Response to Therapy/Treatment: The SPIN is suitable for testing treatment response and has been shown in studies to be sensitive to symptom changes over time. Changes in scores can indicate treatment efficacy (Connor et al., 2000).

Psychometrics: The self-administered tool consists of 17 separate statements about problems that a patient may experience if they have social phobia. The statement is then rated based on how much it bothered the individual in the previous week, ranging from ‘not at all’ (0) to ‘extremely’ (4). (4). A score of 21 or higher is considered clinically significant. The assessment tool effectively separated individuals with and without social phobia in the study. Validity is high in detecting illness severity and is sensitive to symptom reduction during treatment. The Liebowitz Social Anxiety Scale Test, The Brief Social Phobia Scale, and The Fear Questionnaire social phobia subscale all show a significant correlation with the scale (Connor et al., 2000).
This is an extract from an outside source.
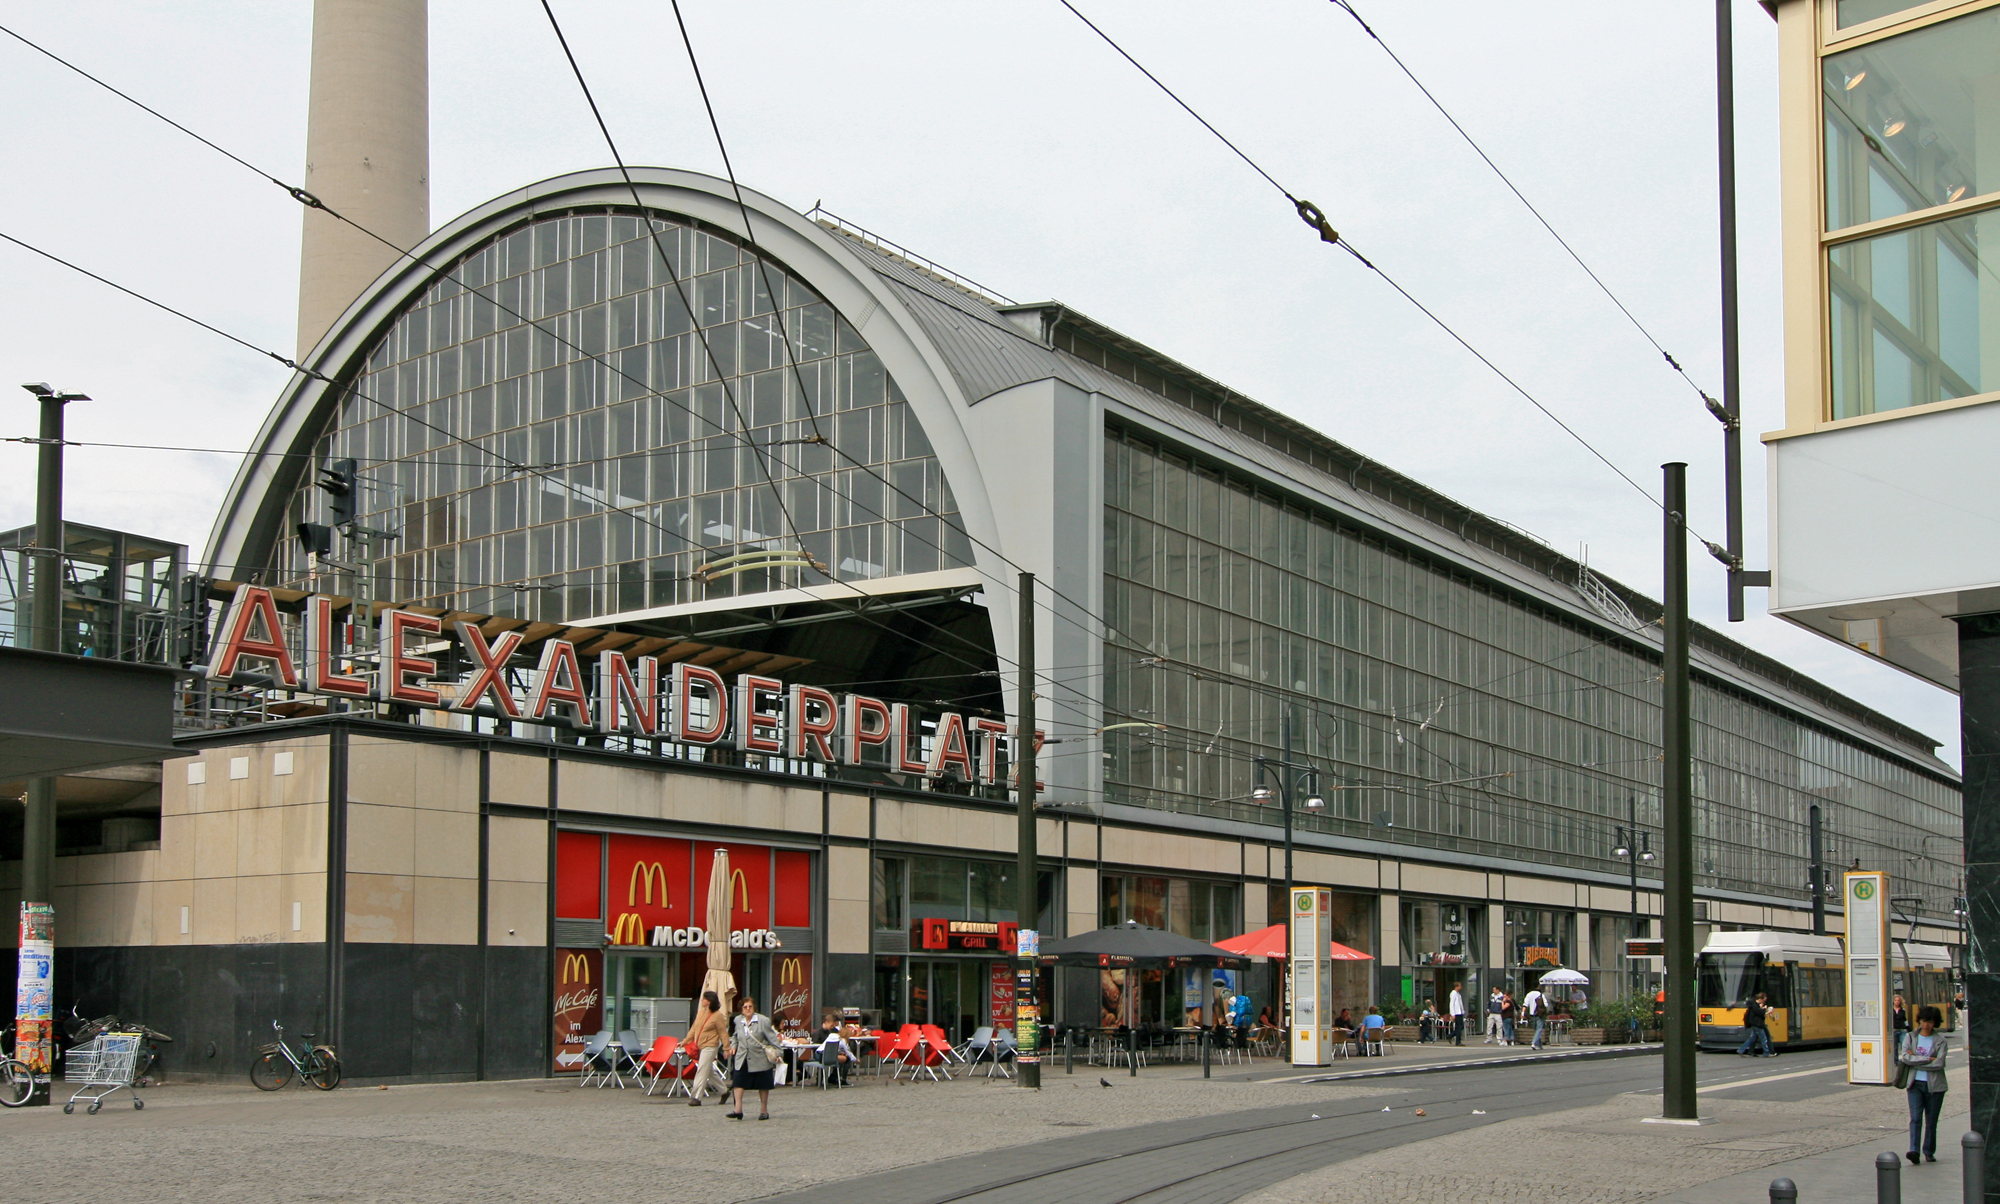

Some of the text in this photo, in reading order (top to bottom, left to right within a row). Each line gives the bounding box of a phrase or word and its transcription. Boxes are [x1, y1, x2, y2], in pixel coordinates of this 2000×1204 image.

Limitations: The tool’s alignment with DSM-4 rather than the more recent edition has limitations, though the differences are minor (SAMHSA, 2016). Sensitivity and specificity were good with a cutoff score of 19, but some people believe the cutoff score should be 15, in which case these measures are weaker (Connor et al., 2000).

References

K. Connor, J. Davidson, E. Churchill, A. Sherwood, E. Foa, and R. Wisler (2000).
The Social Phobia Inventory’s psychometric properties. 379-386 in the British Journal of Psychiatry.